You can apply that method of problem solving to any problem, large or small. You don't need a ton of experience to practice it.
This comment made me realize what my mentor did years ago. He would have the entire team list all possible solutions to a problem, including the obviously bad ones, then have us whittle down the list based on pros and cons of each until we reached consensus on what to do. It was a teaching exercise and I didn’t realize it.
I’ve repeated it that exercise with junior engineers to great effect. Some catch on over time and start intuitively considering the trade offs of a few reasonable solutions to a problem; some don’t.
I never reflected on what he was doing there; thanks.
To add to that, some of the smartest "good" ideas come from "bad" ideas that people rejected out of hand, sometimes from unusual sources. It pays to do brainstorming thoroughly.
The best software engineers know when to solve a problem without using any code at all, like the classic "just do it manually" for a complicated task that is worth more than $x per task.

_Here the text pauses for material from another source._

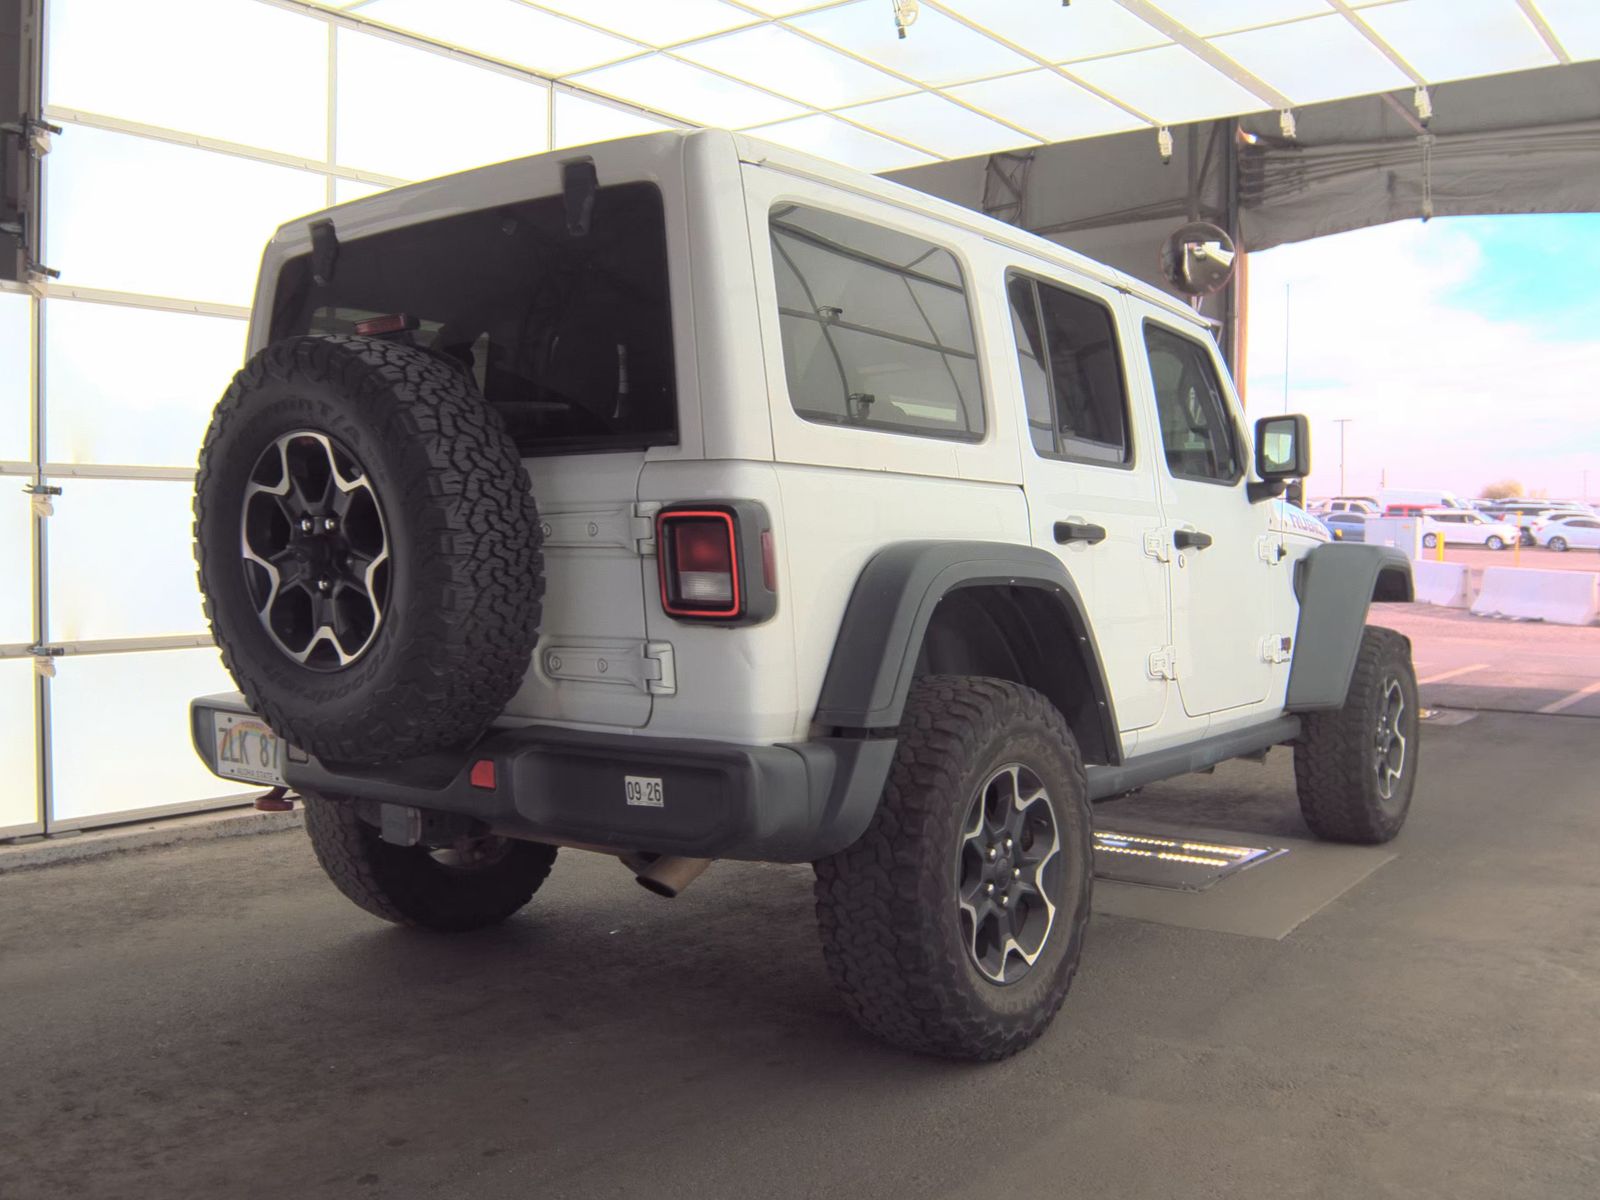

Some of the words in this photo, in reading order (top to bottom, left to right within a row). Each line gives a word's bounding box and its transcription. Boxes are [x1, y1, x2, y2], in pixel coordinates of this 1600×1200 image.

[219, 728, 250, 765] ZLK
[627, 781, 642, 801] 09
[646, 782, 662, 802] 26

Definitely this. Nothing like learning from watching your solution hitting roadblocks (performance, extensibility etc) and reassessing your earlier approaches and again coming with a solution to address the newer challenges
You can also dig into the problems that existed when you got to the project, and try to work out how they came to be. Project forensics is a skill set unto itself. And listen to and help people on other projects at your company. You can see how their story arc goes and where it surprises you.
An intelligent man learns from his own mistakes. A wise man learns from the mistakes of others.
You can never truly be perfect, you can only approach it. Understanding your limitations is just as important as understanding your capabilities. Depth vs breadth is hard and you only have so much life to go so deep into so many domains.
- Identify and document possible solutions. Think hard about why each solution is good and each decision is bad.
- Within each solution, attempt to find common patterns in that problemspace (when working with Sharded databases, this approach brings these results, etc)
- Try to match your personal and organization requirements against the various patterns you find and the pros/cons you defined previously
During implementation
- Keep a running list of things that seem weird, or things that seem great, or things that turned out to be untrue
- Don't stop implementing, but for each thing you found that wasn't great in step 1, try to find a better way to approach that thing (while moving forward)
Post implementation
- Compile all the notes you made in pre/during into a manageable list of goods/bads.
- Use this to drive A.) iterations of your solution, and B.) future solutions
If you do this enough times, you'll have a pretty decent list of your experiences in a space, and you'll start to notice patterns as you try different things and become exposed to problems, their solutions and their tradeoffs. Eventually you won't even have to look at your previous notes very often, as you'll have built up a pretty decent amount of experience in various problemspaces such that you can predict what goes well/doesn't go well.
Also worth noting, this type of behavior doesn't really have to be applied to software, but will also gain you big points with future employers when interviewing. You'd be surprised to find how many candidates never stopped to reflect on the work they'd done, why it was sub-optimal, or how it could be corrected moving forward. Response like "We did it ____ way because that's how we always did it." Which, from a progress standpoint, is basically a none-answer.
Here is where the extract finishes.